Problem statement
Please repeat the listing below exactly, but do not include its pictures.

Record extracts
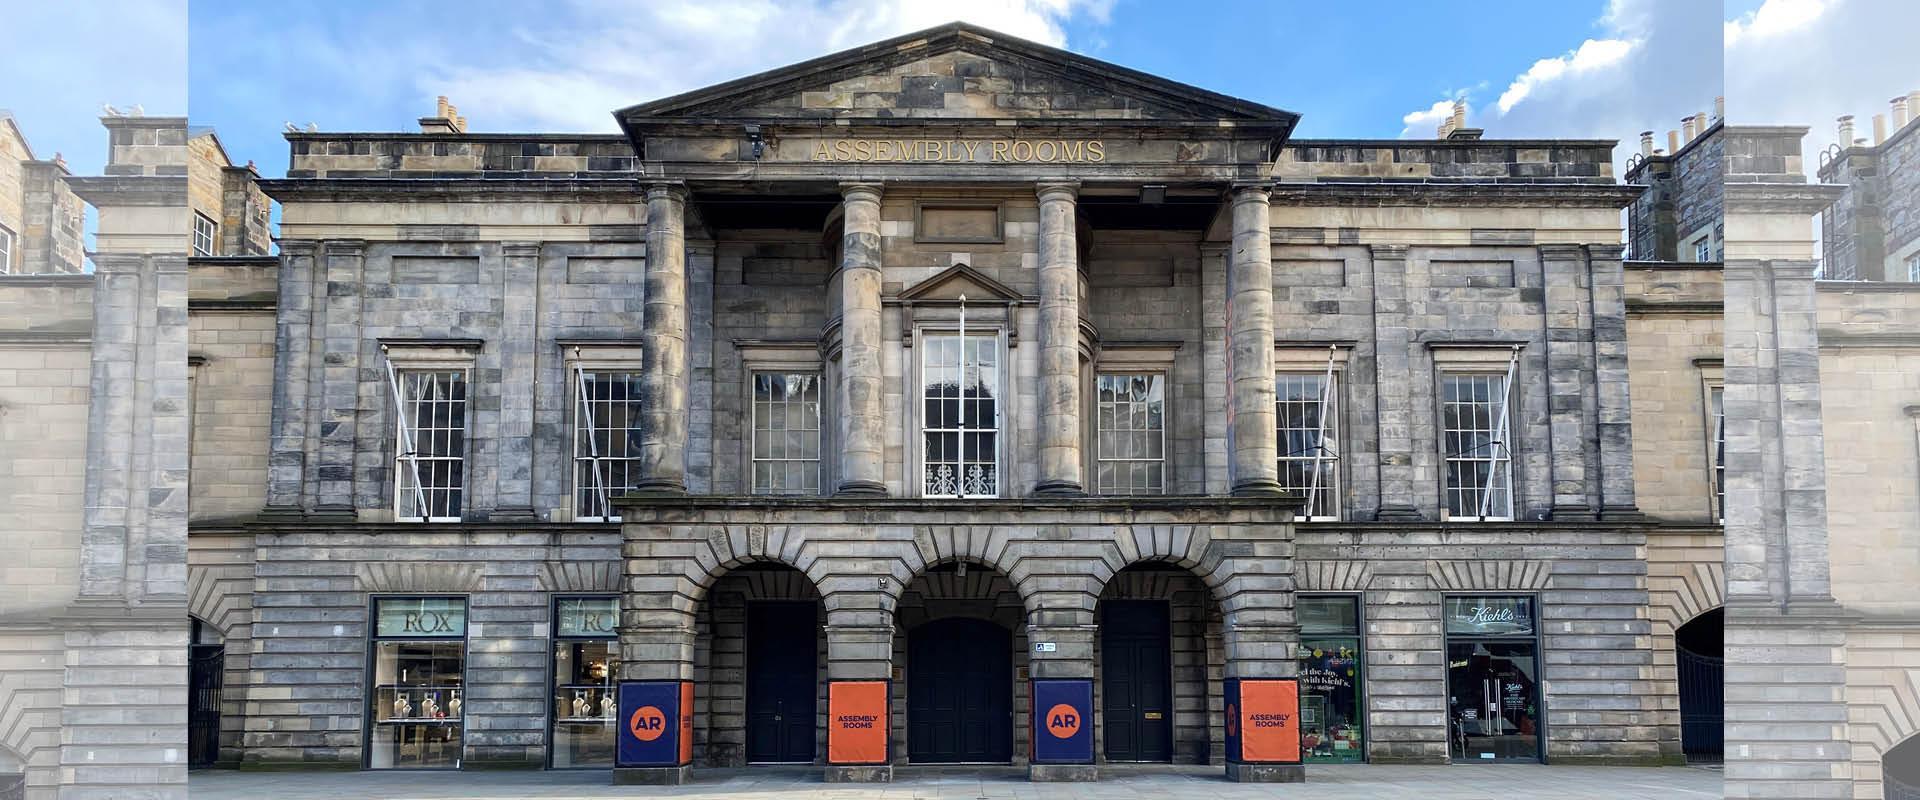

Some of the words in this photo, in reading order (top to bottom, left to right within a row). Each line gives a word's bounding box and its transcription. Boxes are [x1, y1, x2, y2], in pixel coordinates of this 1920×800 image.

[813, 139, 981, 162] ASSEMBLY
[991, 139, 1105, 162] ROOMS
[403, 610, 454, 633] ROX
[1468, 606, 1514, 623] Kiehl's
[1303, 676, 1320, 684] with
[635, 716, 662, 730] AR
[1051, 714, 1076, 728] AR
[1250, 713, 1290, 721] ASSEMBLY
[1255, 720, 1285, 728] ROOMS
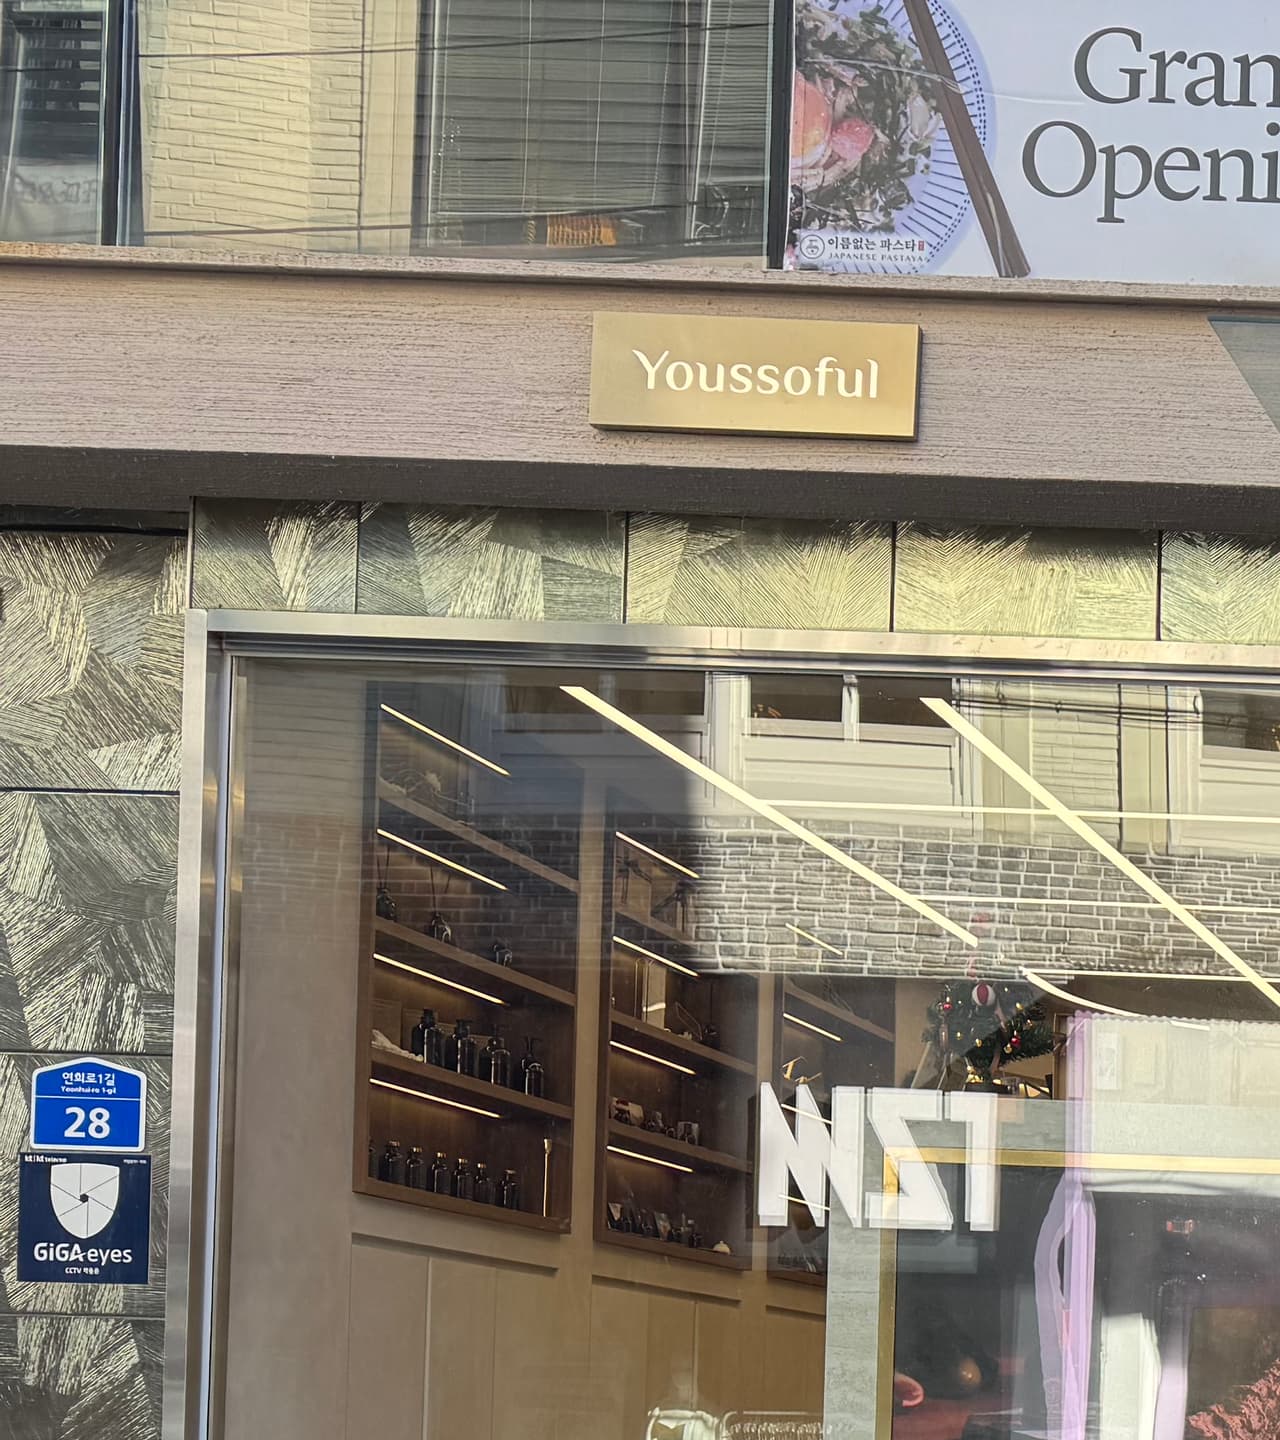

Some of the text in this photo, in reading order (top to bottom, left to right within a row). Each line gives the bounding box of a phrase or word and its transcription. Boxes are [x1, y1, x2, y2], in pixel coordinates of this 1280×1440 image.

[827, 236, 917, 252] 이름없는 파스타
[828, 253, 878, 262] JAPANESE
[632, 349, 880, 400] Youssoful
[63, 1106, 111, 1139] 28
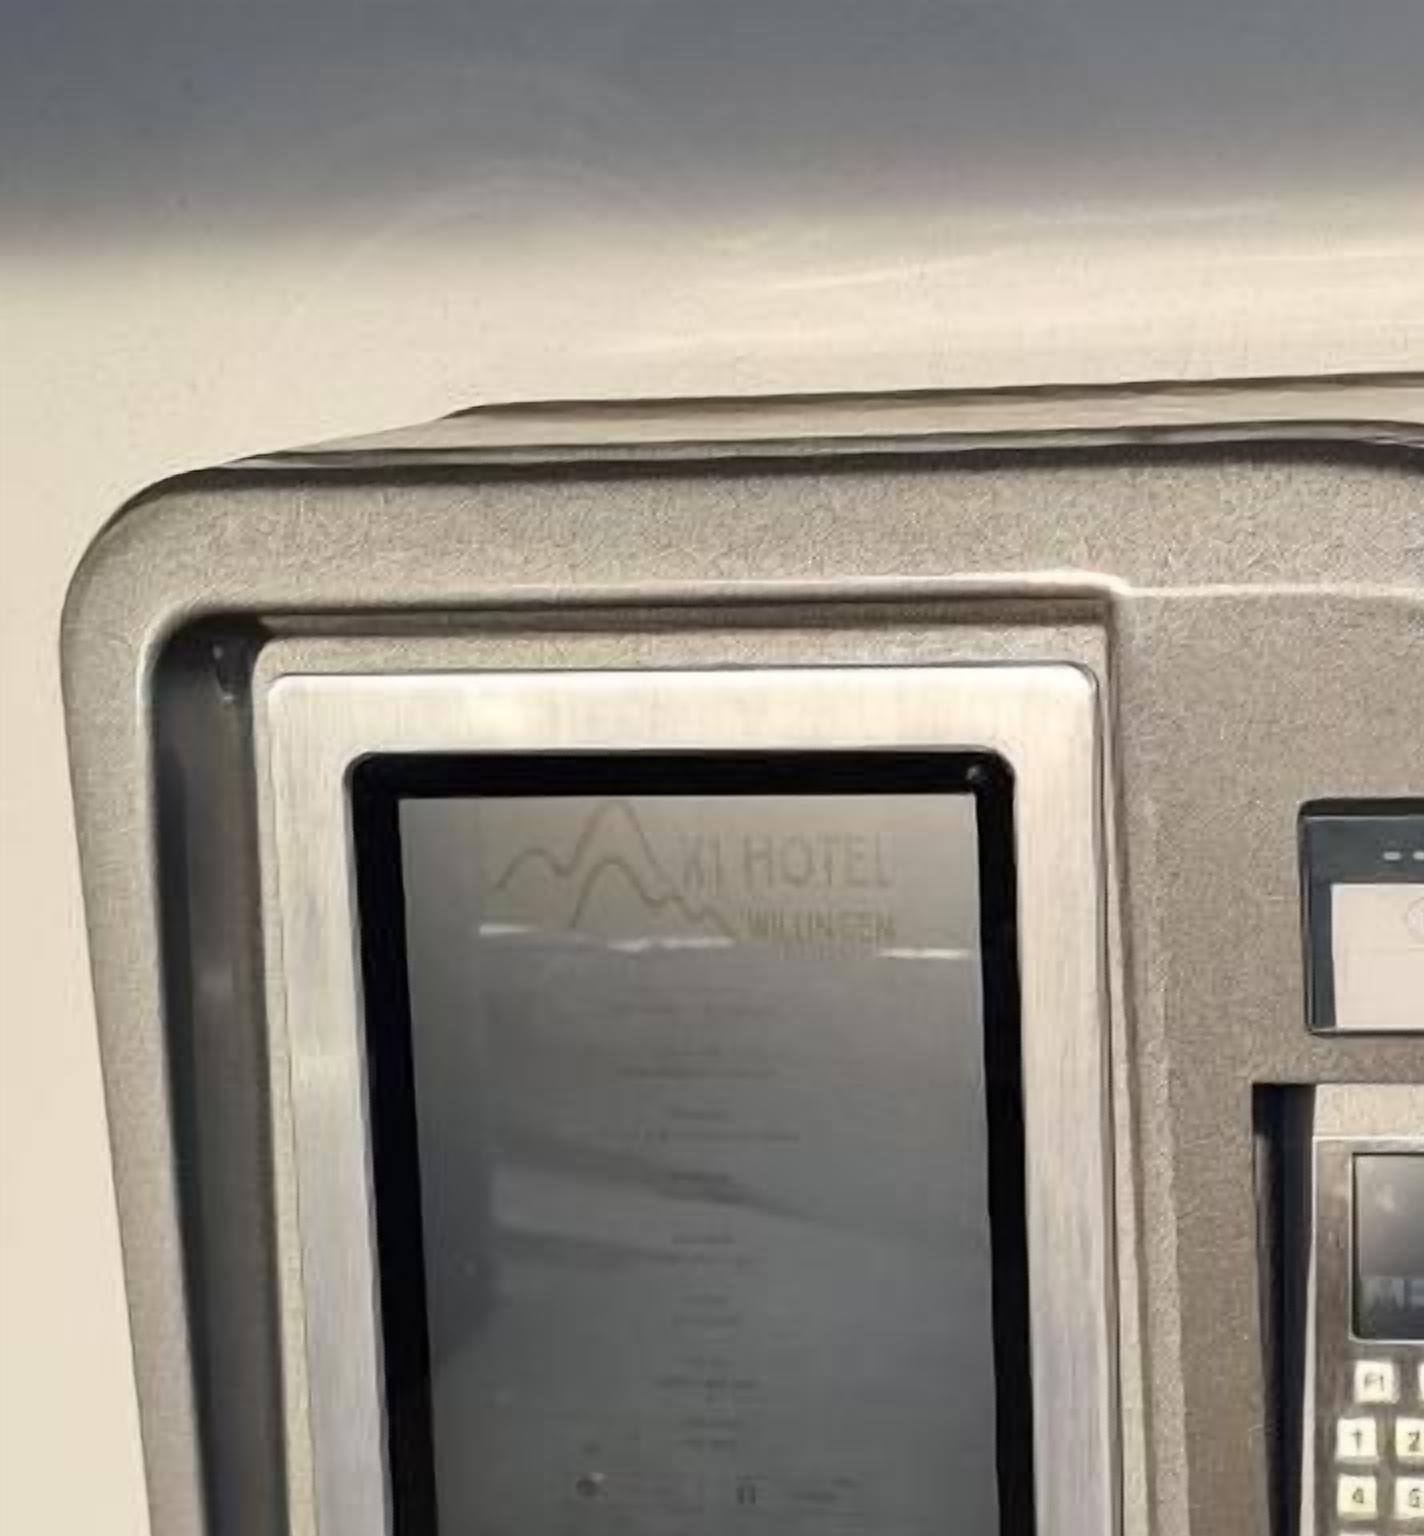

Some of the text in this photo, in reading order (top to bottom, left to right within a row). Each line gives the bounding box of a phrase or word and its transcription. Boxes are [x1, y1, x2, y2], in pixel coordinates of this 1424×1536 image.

[742, 836, 892, 888] HOTEL
[1364, 1372, 1385, 1389] F1
[1350, 1429, 1363, 1448] 1
[1407, 1431, 1421, 1451] 2
[1351, 1487, 1365, 1506] 4
[1408, 1487, 1421, 1508] 5
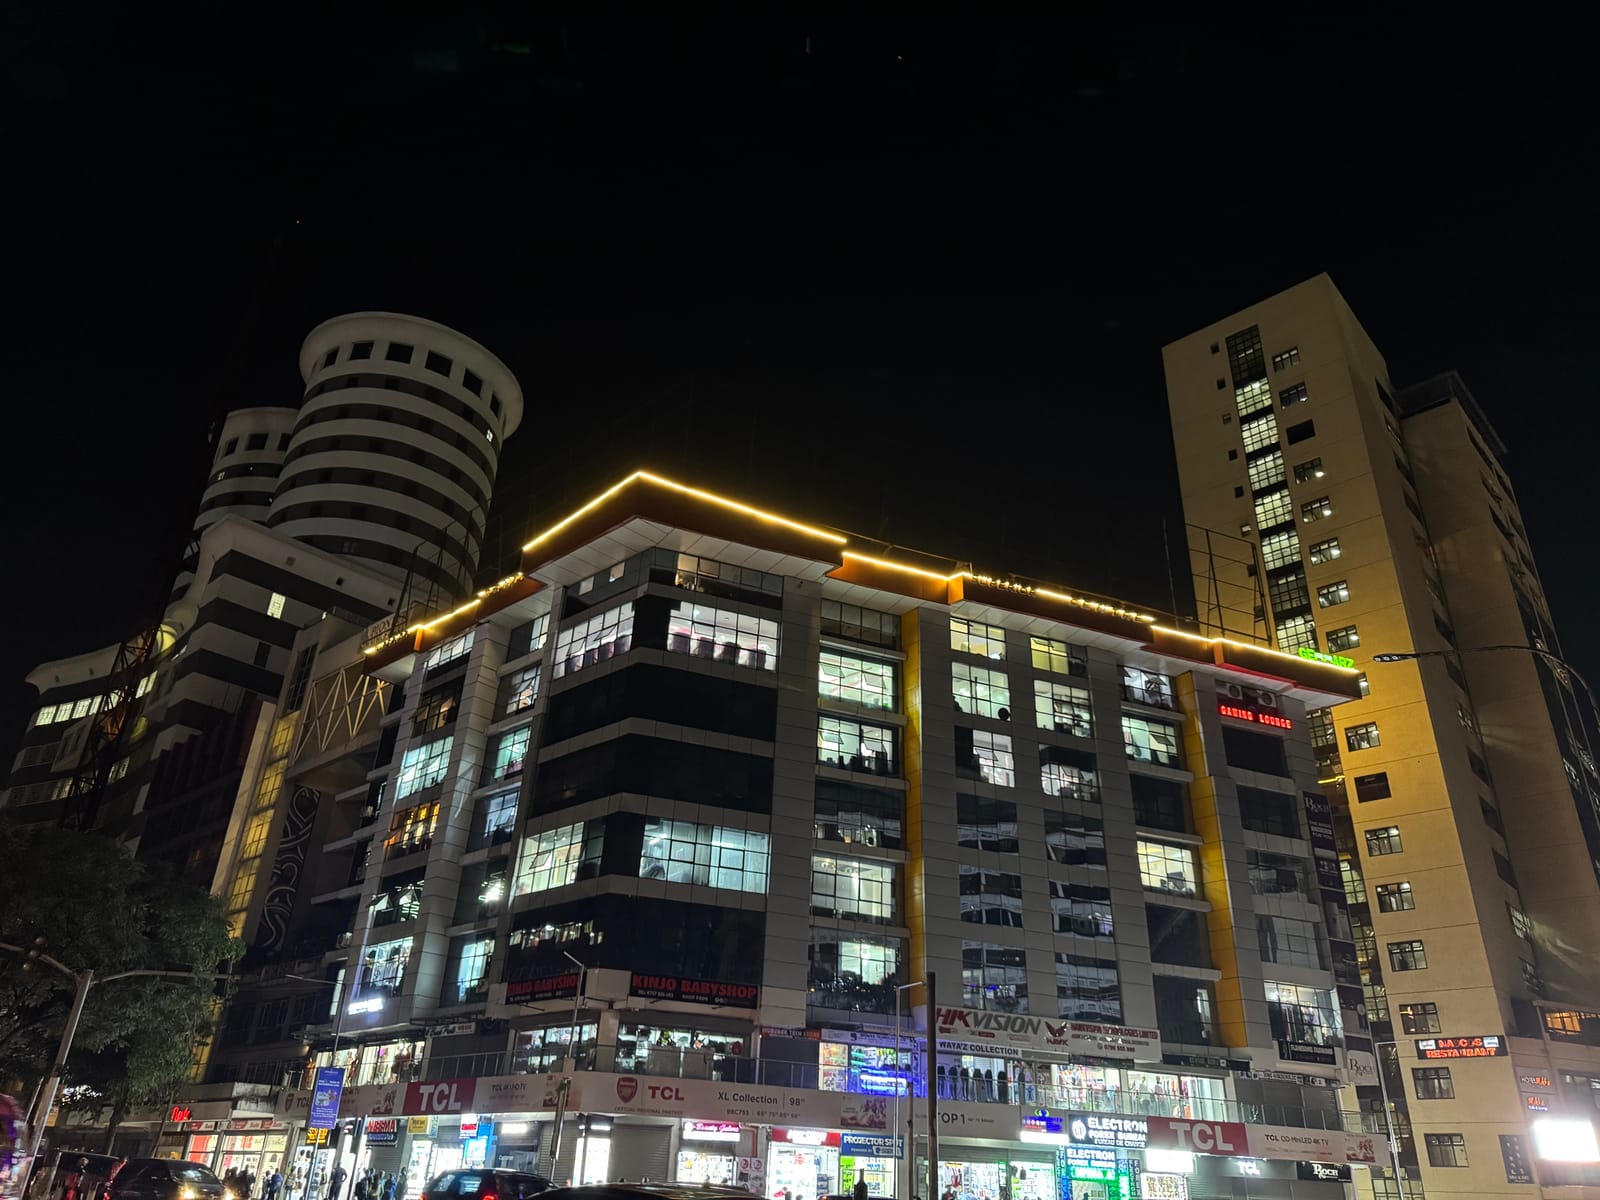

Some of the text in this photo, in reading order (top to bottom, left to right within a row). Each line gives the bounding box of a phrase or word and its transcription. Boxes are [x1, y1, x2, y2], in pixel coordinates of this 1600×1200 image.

Reply
Some of the words in this photo, in reading order (top to bottom, left to right within a row). Each line gives a word's bounding box and its transcription. Boxes are [x1, y1, x2, y2], in pixel coordinates of this 1920×800 image.

[813, 139, 981, 162] ASSEMBLY
[991, 139, 1105, 162] ROOMS
[403, 610, 454, 633] ROX
[1468, 606, 1514, 623] Kiehl's
[1303, 676, 1320, 684] with
[635, 716, 662, 730] AR
[1051, 714, 1076, 728] AR
[1250, 713, 1290, 721] ASSEMBLY
[1255, 720, 1285, 728] ROOMS

Some of the text in this photo, in reading order (top to bottom, left to right within a row). Each line gives the bounding box of a phrase or word and its transcription. Boxes are [x1, y1, x2, y2], in pixel coordinates of this 1280×1440 image.

[827, 236, 917, 252] 이름없는 파스타
[828, 253, 878, 262] JAPANESE
[632, 349, 880, 400] Youssoful
[63, 1106, 111, 1139] 28

Some of the text in this photo, in reading order (top to bottom, left to right within a row). Each line gives the bounding box of a phrase or word and its transcription. Boxes are [x1, y1, x2, y2], in pixel coordinates of this 1424×1536 image.

[742, 836, 892, 888] HOTEL
[1364, 1372, 1385, 1389] F1
[1350, 1429, 1363, 1448] 1
[1407, 1431, 1421, 1451] 2
[1351, 1487, 1365, 1506] 4
[1408, 1487, 1421, 1508] 5

Some of the text in this photo, in reading order (top to bottom, left to right within a row). Each line gives the bounding box of a phrase or word and its transcription. Boxes are [x1, y1, x2, y2], in pixel coordinates of this 1600×1200 image.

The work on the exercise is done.